If you’ve been a reader here for any amount of time you probably know that I’m a big proponent of letting language be language. It is a perennial concern of Very Important People that language is changing: words change meanings, new words show up, people start using new constructions, or simple vocal habits and tics change (see: vocal fry). For the most part, I like to remind people that language change is a natural and healthy part of a language. A language that doesn’t change tends to die, and there’s absolutely nothing grammatically improper about creating new ways of speaking, new words, or new definitions for words. Prescriptivist tendencies in language tend to be sexist, racist, and just straight out discriminatory.
But there are a few important exceptions to this belief, and I think it’s important to explain why.
The two most visible examples of language change that rub me the wrong way are “dissociate” used to mean “disassociate” and the slide of “trigger” from a very specific psychological term into a general term for anything that upsets someone. Both dissociate and trigger are words that were coined within psychiatric circles to describe symptoms of mental illnesses. They’re both fairly technical terms with specific definitions that are used in psychological studies, papers, diagnoses, and treatments.

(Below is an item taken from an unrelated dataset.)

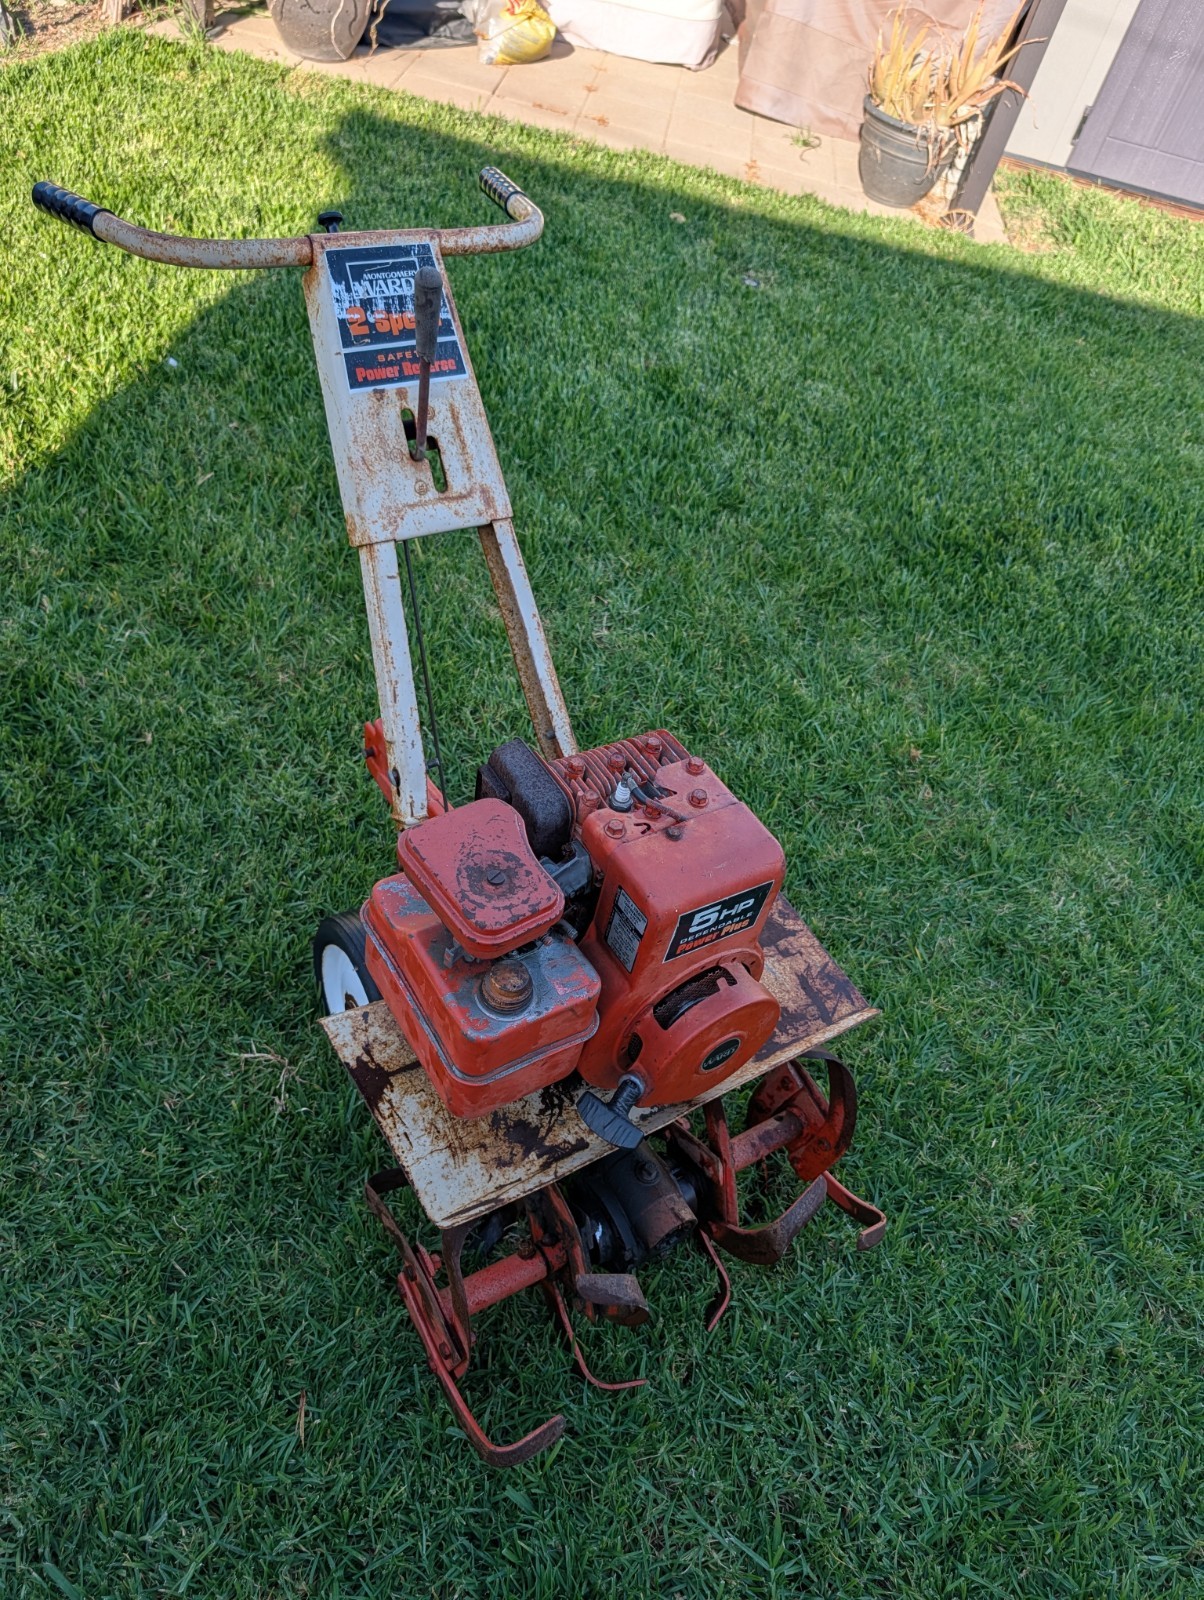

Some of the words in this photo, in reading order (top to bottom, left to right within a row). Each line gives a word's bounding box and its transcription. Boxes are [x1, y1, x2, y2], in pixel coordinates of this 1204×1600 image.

There’s already a lot of confusion and misinformation that surrounds mental illnesses, especially around what different diagnoses and symptoms mean, how in control someone is, and how serious symptoms are. Most people misunderstand what the term trigger means when it’s used in a psychological context and use that lack of understanding to discount how serious it is to be triggered. Very few people have any idea what dissociation is or how serious it can be. Because of these larger public perception issues around diagnosis and understanding, it is extremely hard for people who have these symptoms (as well as disorder that have come into common parlance but aren’t truly understood) to get compassion, accommodations, or help when they’re struggling. One of the ways that people who have mental illnesses are doing activism is by trying to educate others about these terms so that if someone says to you “I think I’m dissociating right now, can you bring me something soft to touch,” you won’t think they’re making no sense and you’ll be able to help them out.
That might not seem like it’s hugely important for someone who doesn’t have these symptoms, but for a person who deals with them, it can be the difference between serious backsliding or competent coping skills.
So when people start using these terms to mean only partially related things, it doesn’t seem to me that it’s basic language change. It seems that it’s a misunderstanding of what certain diseases are and a breakdown in education. In these cases, using the language in a different way does actively harm people. It’s similar to using OCD to mean neat. While most people can understand what you mean, it’s the kind of language change that relies on a stereotyped image of a diagnosis to get its meaning, something that makes it harder for the people who actually have the diagnosis to explain what their lives are like.
In many ways, there are parallels to humor here. It certainly is possible for any subject to be funny, but a good rule of thumb is to punch up, to make fun at the person with power in a given situation. Similarly all words have the ability to change, but in general it seems like a good idea to be tolerant of changes that don’t hurt anyone or are specific to an oppressed group, while resisting changes that rely on punching down at a group.
Of course it’s not entirely possible to just stop language from changing, but what we can do is continue to inform people of the definitions that we use and that are used within communities of mental health, and ask that others do the same to stop confusion. We can continue to educate people about what mental illnesses are actually like. And one way to do that is to stop using trigger to mean “annoying thing” or dissociate to mean “move away from”.